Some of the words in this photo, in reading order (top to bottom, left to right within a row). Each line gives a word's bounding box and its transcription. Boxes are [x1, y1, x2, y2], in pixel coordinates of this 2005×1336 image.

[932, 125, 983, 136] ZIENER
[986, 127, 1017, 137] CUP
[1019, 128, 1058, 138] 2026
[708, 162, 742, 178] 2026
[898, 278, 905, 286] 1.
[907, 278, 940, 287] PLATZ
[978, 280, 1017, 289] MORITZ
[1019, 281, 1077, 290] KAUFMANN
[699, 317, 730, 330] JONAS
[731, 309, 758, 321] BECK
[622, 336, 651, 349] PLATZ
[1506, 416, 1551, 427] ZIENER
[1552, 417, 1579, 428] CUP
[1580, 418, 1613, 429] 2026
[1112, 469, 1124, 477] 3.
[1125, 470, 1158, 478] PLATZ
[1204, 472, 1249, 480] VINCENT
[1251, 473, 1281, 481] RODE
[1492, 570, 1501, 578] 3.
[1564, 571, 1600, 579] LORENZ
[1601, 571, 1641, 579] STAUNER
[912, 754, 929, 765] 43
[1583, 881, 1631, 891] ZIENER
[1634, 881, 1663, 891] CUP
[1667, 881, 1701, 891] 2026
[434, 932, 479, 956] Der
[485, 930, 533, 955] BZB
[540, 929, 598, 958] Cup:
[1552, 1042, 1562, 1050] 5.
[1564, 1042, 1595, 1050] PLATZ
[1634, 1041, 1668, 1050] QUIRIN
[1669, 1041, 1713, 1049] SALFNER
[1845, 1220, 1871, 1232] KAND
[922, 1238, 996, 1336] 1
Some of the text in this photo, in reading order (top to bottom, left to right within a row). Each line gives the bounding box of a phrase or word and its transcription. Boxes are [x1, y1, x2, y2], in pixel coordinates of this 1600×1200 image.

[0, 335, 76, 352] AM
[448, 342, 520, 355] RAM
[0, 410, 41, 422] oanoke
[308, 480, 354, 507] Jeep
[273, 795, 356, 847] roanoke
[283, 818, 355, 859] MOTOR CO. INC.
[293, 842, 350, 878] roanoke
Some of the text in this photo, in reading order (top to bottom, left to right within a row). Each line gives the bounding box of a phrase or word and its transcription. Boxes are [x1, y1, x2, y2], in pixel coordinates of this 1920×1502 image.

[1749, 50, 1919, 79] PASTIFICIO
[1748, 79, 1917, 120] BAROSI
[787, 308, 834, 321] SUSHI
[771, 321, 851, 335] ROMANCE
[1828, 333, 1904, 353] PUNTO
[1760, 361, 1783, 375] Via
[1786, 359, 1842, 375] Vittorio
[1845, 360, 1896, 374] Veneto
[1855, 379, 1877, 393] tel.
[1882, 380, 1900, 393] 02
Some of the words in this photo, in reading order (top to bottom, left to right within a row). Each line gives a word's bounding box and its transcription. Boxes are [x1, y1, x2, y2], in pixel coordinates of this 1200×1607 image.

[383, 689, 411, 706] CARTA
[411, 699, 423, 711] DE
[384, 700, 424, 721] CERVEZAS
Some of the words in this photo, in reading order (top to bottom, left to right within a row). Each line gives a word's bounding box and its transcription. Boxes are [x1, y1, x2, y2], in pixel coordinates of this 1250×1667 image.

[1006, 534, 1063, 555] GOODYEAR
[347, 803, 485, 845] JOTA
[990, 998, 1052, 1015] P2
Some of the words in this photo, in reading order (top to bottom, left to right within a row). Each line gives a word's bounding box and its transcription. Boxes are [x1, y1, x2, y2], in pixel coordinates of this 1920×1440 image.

> [Task brief] Restate the material word for word so that no line differs from the original.

> [Response to this exercise]
Some of the words in this photo, in reading order (top to bottom, left to right within a row). Each line gives a word's bounding box and its transcription. Boxes are [x1, y1, x2, y2], in pixel coordinates of this 2005×1336 image.

[932, 125, 983, 136] ZIENER
[986, 127, 1017, 137] CUP
[1019, 128, 1058, 138] 2026
[708, 162, 742, 178] 2026
[898, 278, 905, 286] 1.
[907, 278, 940, 287] PLATZ
[978, 280, 1017, 289] MORITZ
[1019, 281, 1077, 290] KAUFMANN
[699, 317, 730, 330] JONAS
[731, 309, 758, 321] BECK
[622, 336, 651, 349] PLATZ
[1506, 416, 1551, 427] ZIENER
[1552, 417, 1579, 428] CUP
[1580, 418, 1613, 429] 2026
[1112, 469, 1124, 477] 3.
[1125, 470, 1158, 478] PLATZ
[1204, 472, 1249, 480] VINCENT
[1251, 473, 1281, 481] RODE
[1492, 570, 1501, 578] 3.
[1564, 571, 1600, 579] LORENZ
[1601, 571, 1641, 579] STAUNER
[912, 754, 929, 765] 43
[1583, 881, 1631, 891] ZIENER
[1634, 881, 1663, 891] CUP
[1667, 881, 1701, 891] 2026
[434, 932, 479, 956] Der
[485, 930, 533, 955] BZB
[540, 929, 598, 958] Cup:
[1552, 1042, 1562, 1050] 5.
[1564, 1042, 1595, 1050] PLATZ
[1634, 1041, 1668, 1050] QUIRIN
[1669, 1041, 1713, 1049] SALFNER
[1845, 1220, 1871, 1232] KAND
[922, 1238, 996, 1336] 1
Some of the text in this photo, in reading order (top to bottom, left to right within a row). Each line gives the bounding box of a phrase or word and its transcription. Boxes are [x1, y1, x2, y2], in pixel coordinates of this 1600×1200 image.

[0, 335, 76, 352] AM
[448, 342, 520, 355] RAM
[0, 410, 41, 422] oanoke
[308, 480, 354, 507] Jeep
[273, 795, 356, 847] roanoke
[283, 818, 355, 859] MOTOR CO. INC.
[293, 842, 350, 878] roanoke
Some of the text in this photo, in reading order (top to bottom, left to right within a row). Each line gives the bounding box of a phrase or word and its transcription. Boxes are [x1, y1, x2, y2], in pixel coordinates of this 1920×1502 image.

[1749, 50, 1919, 79] PASTIFICIO
[1748, 79, 1917, 120] BAROSI
[787, 308, 834, 321] SUSHI
[771, 321, 851, 335] ROMANCE
[1828, 333, 1904, 353] PUNTO
[1760, 361, 1783, 375] Via
[1786, 359, 1842, 375] Vittorio
[1845, 360, 1896, 374] Veneto
[1855, 379, 1877, 393] tel.
[1882, 380, 1900, 393] 02
Some of the words in this photo, in reading order (top to bottom, left to right within a row). Each line gives a word's bounding box and its transcription. Boxes are [x1, y1, x2, y2], in pixel coordinates of this 1200×1607 image.

[383, 689, 411, 706] CARTA
[411, 699, 423, 711] DE
[384, 700, 424, 721] CERVEZAS
Some of the words in this photo, in reading order (top to bottom, left to right within a row). Each line gives a word's bounding box and its transcription. Boxes are [x1, y1, x2, y2], in pixel coordinates of this 1250×1667 image.

[1006, 534, 1063, 555] GOODYEAR
[347, 803, 485, 845] JOTA
[990, 998, 1052, 1015] P2
Some of the words in this photo, in reading order (top to bottom, left to right within a row). Each line gives a word's bounding box and its transcription. Boxes are [x1, y1, x2, y2], in pixel coordinates of this 1920×1440 image.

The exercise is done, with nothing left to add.